To the present time, many gay rights activists are comfortable dumping millions of dollars into the campaign war chests of Democrats running for office — Equality California, the Human Rights Campaign, and other so-called nonpartisan gay organizations — and they have nothing to show for it. Talk about a bad, fraudulent investment.
He notes a well that at the national level, neither the 110th nor the 111th Congress, both controlled by Democrats, have moved forward on repeal of DOMA.
But, Calfornia is a special case. The leading gay advocacy group, “Equality California,” while, little more than a (gay) front group for the California Democratic Party has great sway in a state capital dominated by Democrats. And they wear their partisanship on their sleeve. Stroll down the street in the city where Drew and I live and you’ll see their storefront headquarters decorated with Boxer and (Jerry) Brown signs.
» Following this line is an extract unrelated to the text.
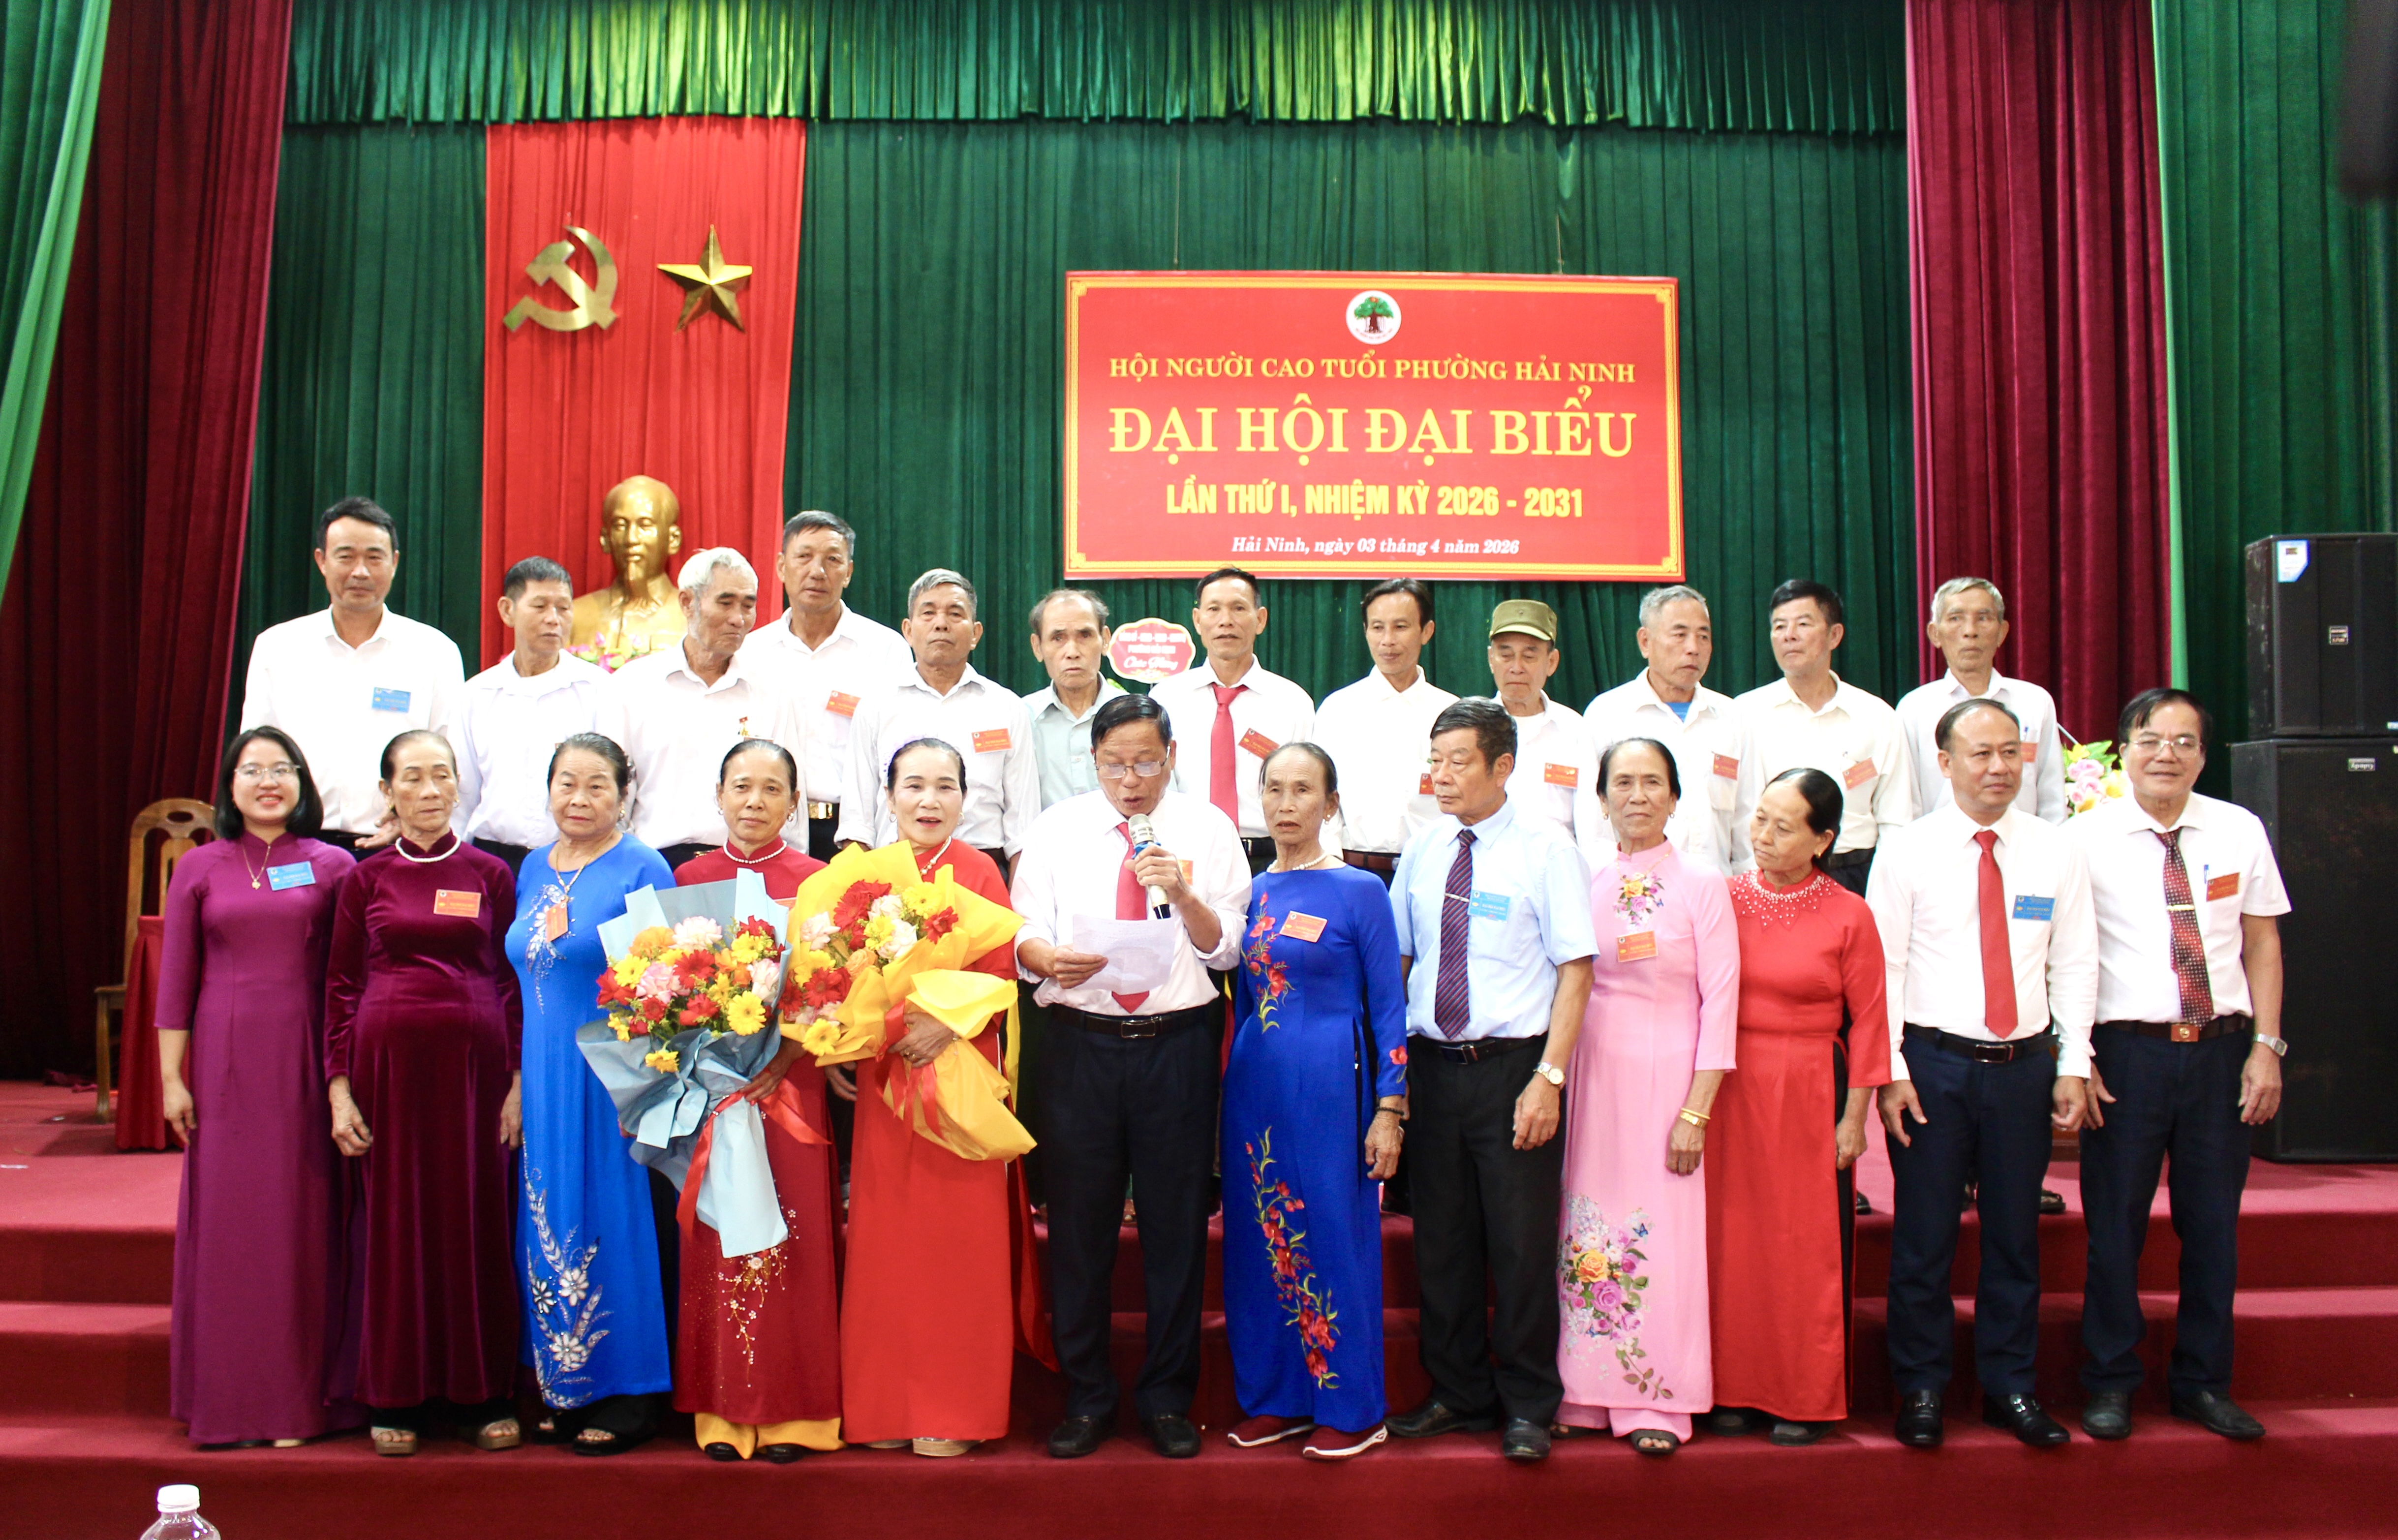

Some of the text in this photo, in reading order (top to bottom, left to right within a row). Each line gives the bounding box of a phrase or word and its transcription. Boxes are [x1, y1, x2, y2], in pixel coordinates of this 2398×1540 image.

They’ve long had influence in Sacramento, but never use that influence to put forward innovative solutions to address their concerns. Instead, they constantly lobby for measure upon measure, assuming that whatever they want, they can get through the legislature.
Well, that’s not always the case. In the wake of the passage of Prop 22 in 2000, a measure which codified the traditional definition of marriage as one man and one woman into state law, they stomped their feet and gnashed their teeth and hoped and prayed some nice, kind judge would spare them the hard work of making the case for state recognition of same-sex marriage.
Did it ever occur to them to play on the conservative rhetoric that elected legislatures, not courts, should decide such issues (rhetoric we have been hearing at least since the 1990s) and lobby the legislature to put a referendum on the ballot to empowering the legislature to define the qualifications for state-recognized marriages in the Golden State? It would be hard to organize opposition to such a measure. And once that passed, the Democratic legislature could have moved forward on recognizing same-sex marriages.
Yeah, they had the power in the legislature, but they also needed to use that power to go directly to the people.
(Of course they did get the legislature to vote on gay marriage in 2005, but Prop. 22 and Governor Schwarzenegger’s veto stood in their way.)
And now, they have what they thought was their dream, a court overturning a popular initiative they don’t like, only to have an appellate court stay the ruling. Fellas, we’re back on the gay marriage roller coaster, elation one day at a favorable ruling, despondency the next week when another court acts contrary to their wishes.
Better to learn from the fine folks in the Granite State which recognized gay marriage the right way, through the elected state legislature, followed by a back-and-forth with the elected Governor who wanted to ensure that the measure protected the liberty of individual churches,s I wrote last June, “to define marriage according to their creed.” A compromise was reached (by elected officials). And the law was signed.
If you go the way of the legislature, you won’t be subject to judicial whim.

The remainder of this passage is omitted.